Inside Man
Recensioni,  Thriller

Inside Man: il diabolico piano di una verità nascosta

Inside Man forse é in assoluto il lavoro più coerente e rappresentativo di Spike Lee, che si afferma come uno dei registi più interessanti degli ultimi anni. Una trama a dir poco avvincente condita da interpretazioni che bucano letteralmente lo schermo.

Dal punto di vista narrativo Inside Man è un diabolico meccanismo ad incastro tra i migliori nella storia del genere: non troverete buoni o cattivi, nessun eroe da celebrare, nessuna vittima da compatire, nessun godimento per la sorte di nessun cattivo.

I personaggi di Spike Lee agiscono calibrando alla perfezione cause e conseguenze, calcolando attentamente i propri rischi e lasciando uno scarto percentuale per il proprio tornaconto. Sono come dei robot dotati di un’intelligenza fuori dal comune, perfettamente consapevoli del disegno in cui sono inseriti, capaci di arrivare all’essenza di quel meccanismo dove la verità e la giustizia non appartengono al mondo; ciò che conta è sopravvivere con i propri mezzi, graffiando se necessario. I protagonisti di inside man non sono nè buoni e nè cattivi, ma sono comuni esseri umani intelligenti.

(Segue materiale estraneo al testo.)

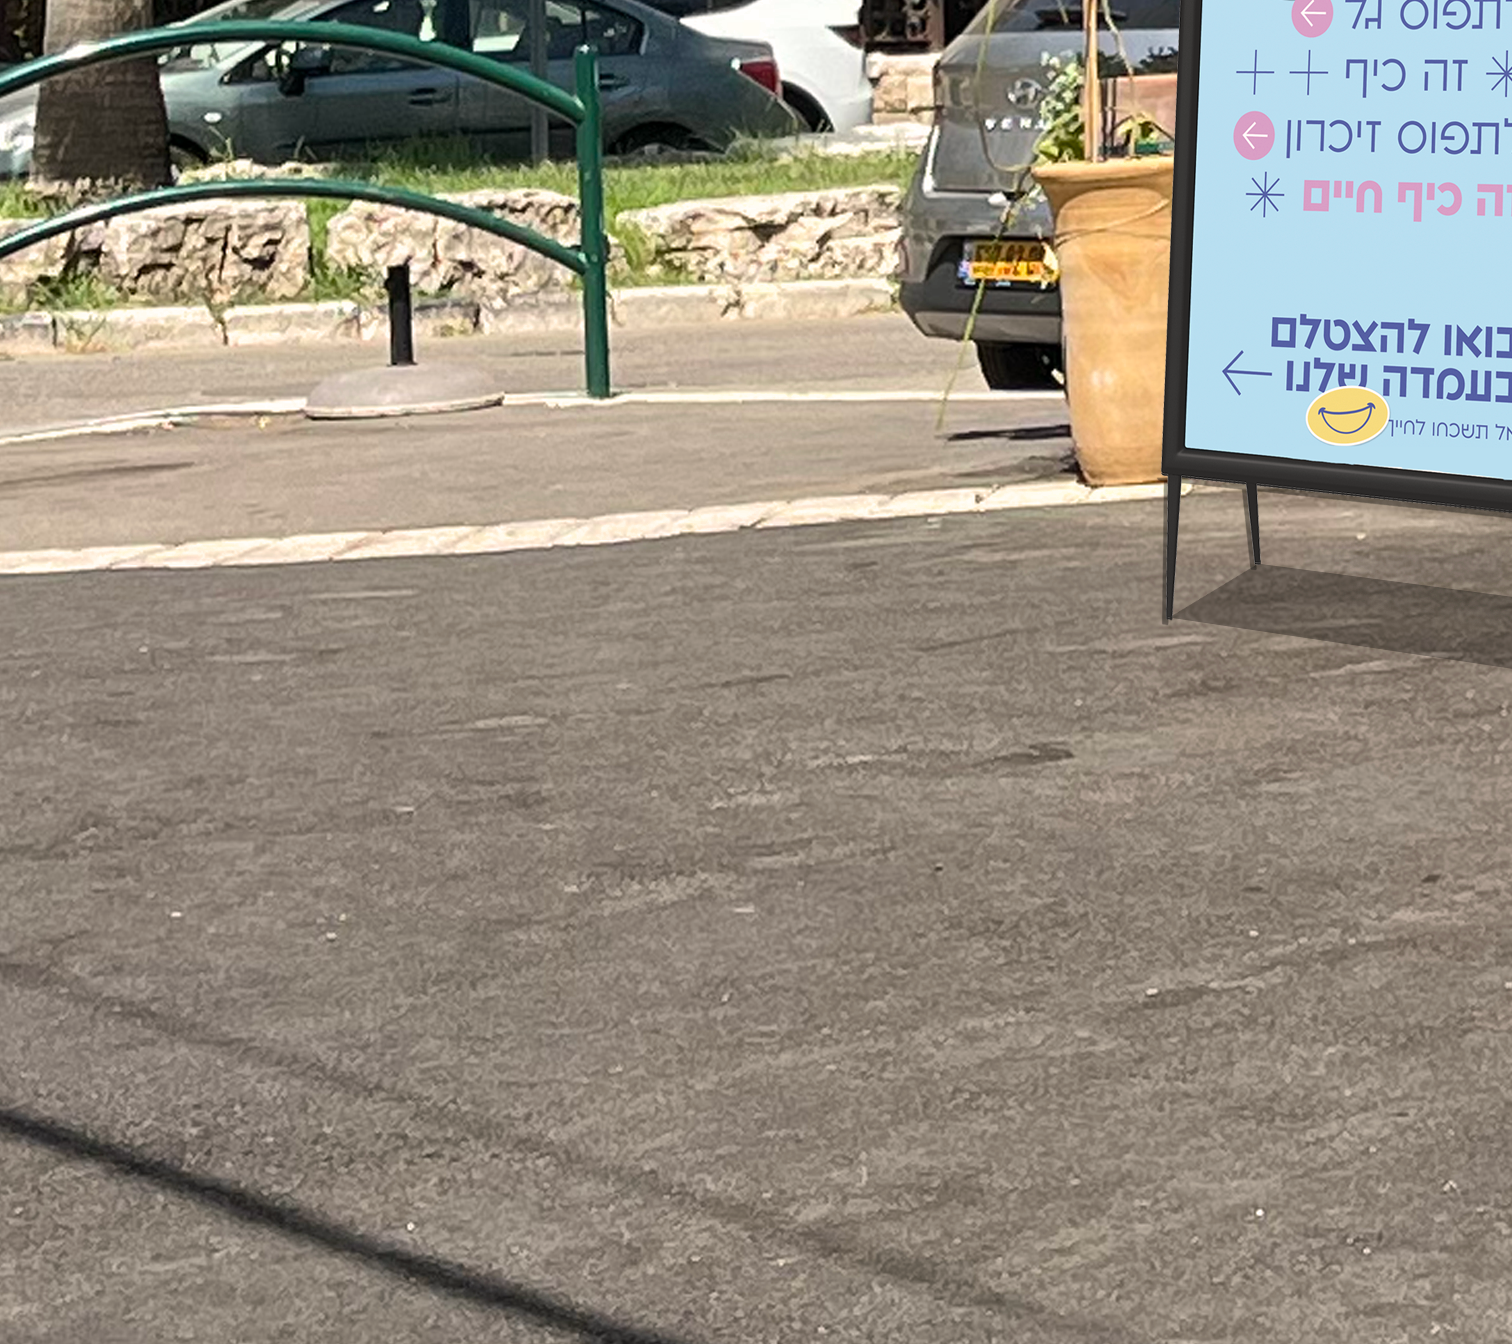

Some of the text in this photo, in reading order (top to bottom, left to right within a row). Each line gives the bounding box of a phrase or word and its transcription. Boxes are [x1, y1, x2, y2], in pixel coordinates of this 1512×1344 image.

Sono capaci di comprendere le persone, le loro debolezze, sono capaci di atti di incredibile bellezza, ma sono essi stessi schiavi e vittime delle tentazioni del denaro e del potere. Il poliziotto, il ladro e la negoziatrice, si comprendono a vicenda perchè in loro corre lo stesso sangue. Sono diversi dal resto dell’umanità, vigliacca, vittima del pregiudizio e schiava della propria infida ipocrisia.

Essi sono in grado di comprendersi l’un l’altro, ed è dall’incastro delle loro menti superiori, dal loro comprendere le ragioni dell’altro che si genera l’equilibrio del finale. Un equilibrio “perfetto”, dove tutti hanno ottenuto il loro scopo personale e allo stesso tempo hanno contribuito all’emergere di quella verità racchiusa in un anello.

I tre protagonisti assolvono in questo modo, più o meno consapevolmente, al ruolo di angeli della giustizia divina, incarnando la figura del demiurgo. Ci sarebbe moltissimo ancora da dire, e molte cose non mi sono ancora chiare, ma preferisco ragionare su una bizzarra analogia che mi è venuta in mente guardando questo film. Vedendo quell’anello di diamanti macchiato del sangue di vittime innocenti dei campi di concentramento, non ho potuto fare a meno di pensare all’anello di match point che il protagonista, dopo aver rubato, cerca invano di lanciare al di là del ponte.

Match Point

Entrambi questi oggetti, questi due anelli, sono vivi. Essi, mossi da forze sovrannaturali o divine, urlano affinchè la verità che racchiudono venga a galla. Mentre però l’anello di match point, che si rifiuta volontariamente di cadere al di là del ponte, finisce per fornire l’alibi all’assassino scagionandolo per sempre, l’anello di inside man può finalmente riposare in eterno sul dito di una donna amata, in quanto la verità che racchiude è stata rivelata.

Questo perchè i due anelli vengono raccolti da poliziotti dotati di anime diverse. Mentre in match point trionfa la falsità e l’apparenza e l’equilibrio che si genera occulta la verità divina (l’omicidio del bambino che Scarlett Johnson porta in grembo), in Inside man trionfano la verità e la giustizia. Gli anelli di questi due film, forgiati forse tra le fiamme del monte Fato (come quell’Unico Anello che tutti noi ben conosciamo) racchiudono in sè la potenza della verità o la sete di potere, a seconda di chi li raccoglie. Spike Lee, a differenza di Woody Allen, sembra dunque darci una speranza. La speranza che la verità, attraverso strade a noi ignote, alla fine in qualche modo trionfi.